In the data below, reproduce everything exactly except the images.

Study material Block Start

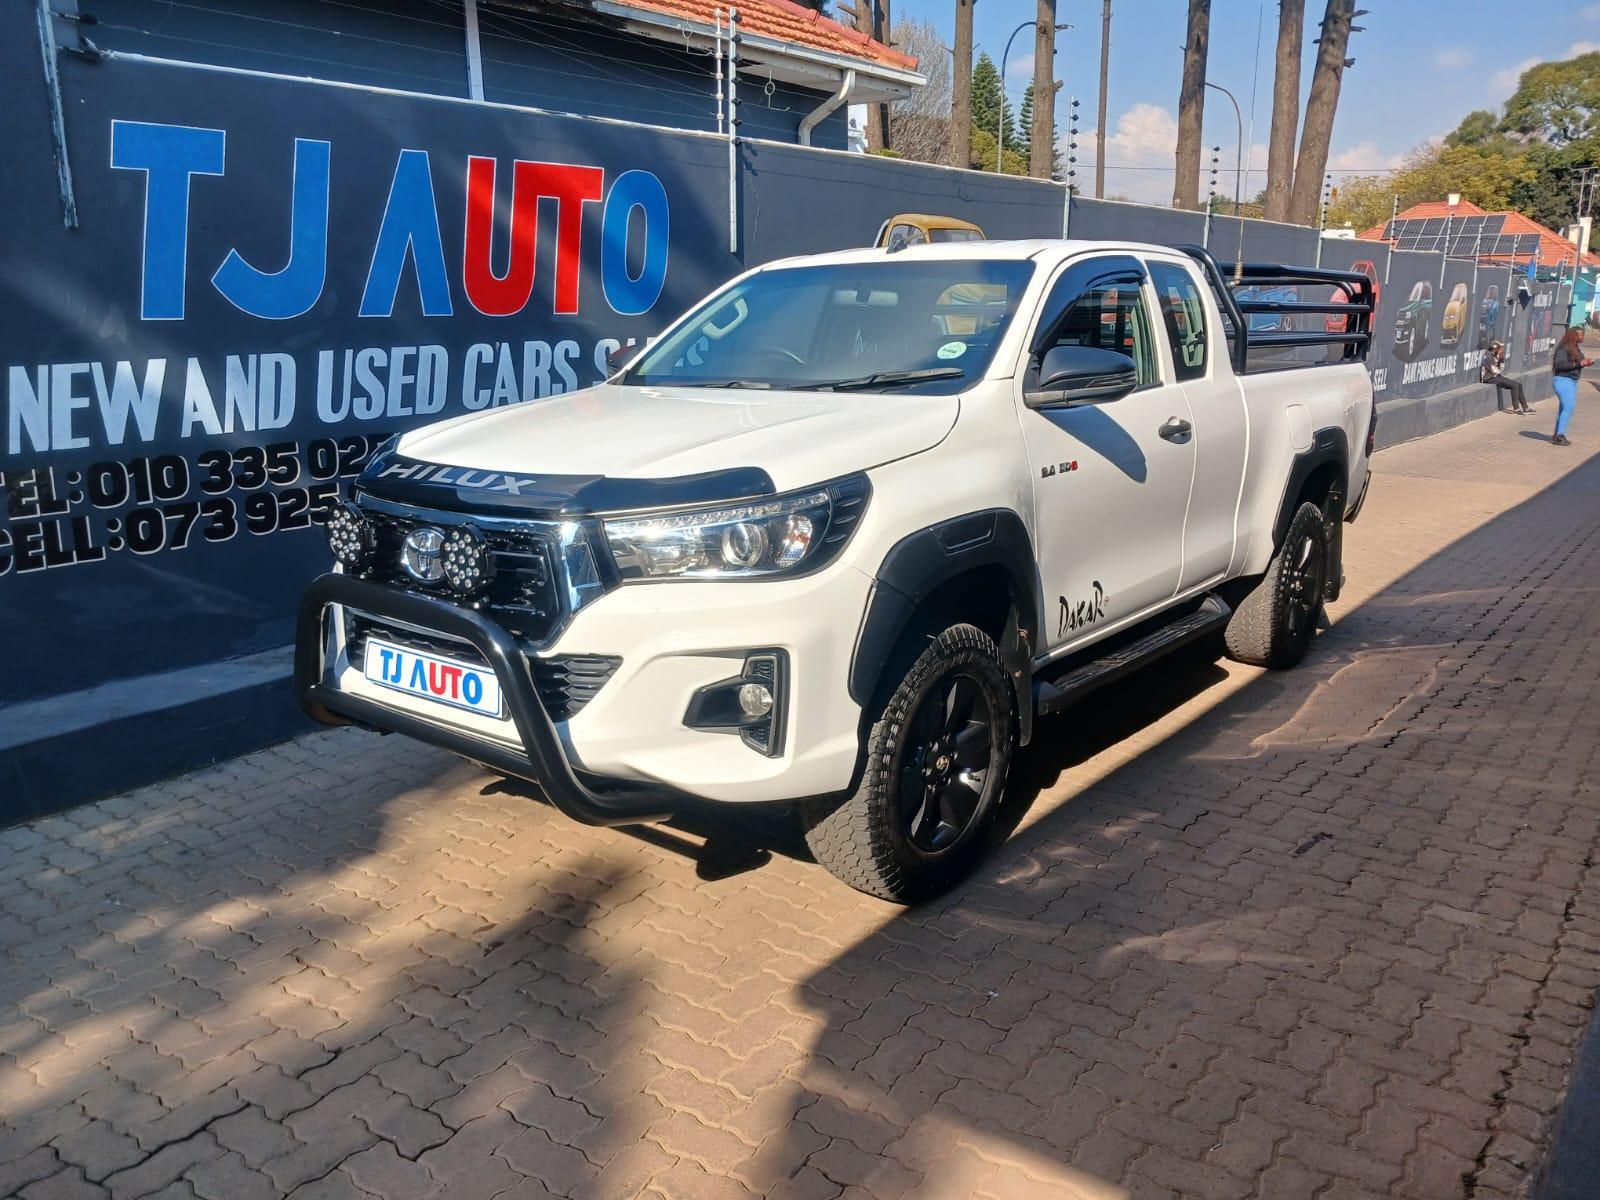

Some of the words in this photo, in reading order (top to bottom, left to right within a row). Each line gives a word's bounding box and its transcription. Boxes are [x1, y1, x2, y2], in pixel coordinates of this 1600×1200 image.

[111, 119, 331, 320] TJ
[358, 149, 670, 317] AUTO
[8, 358, 166, 455] NEW
[181, 352, 297, 438] AND
[316, 345, 448, 424] USED
[462, 339, 581, 411] CARS
[0, 455, 190, 521] EL:010
[198, 441, 301, 495] 335
[378, 463, 537, 495] HILUX
[380, 648, 403, 684] TJ
[409, 658, 483, 705] AUTO

Study material Block End

**Written answer:**
Some of the words in this photo, in reading order (top to bottom, left to right within a row). Each line gives a word's bounding box and its transcription. Boxes are [x1, y1, x2, y2], in pixel coordinates of this 1600×1200 image.

[111, 119, 331, 320] TJ
[358, 149, 670, 317] AUTO
[8, 358, 166, 455] NEW
[181, 352, 297, 438] AND
[316, 345, 448, 424] USED
[462, 339, 581, 411] CARS
[0, 455, 190, 521] EL:010
[198, 441, 301, 495] 335
[378, 463, 537, 495] HILUX
[380, 648, 403, 684] TJ
[409, 658, 483, 705] AUTO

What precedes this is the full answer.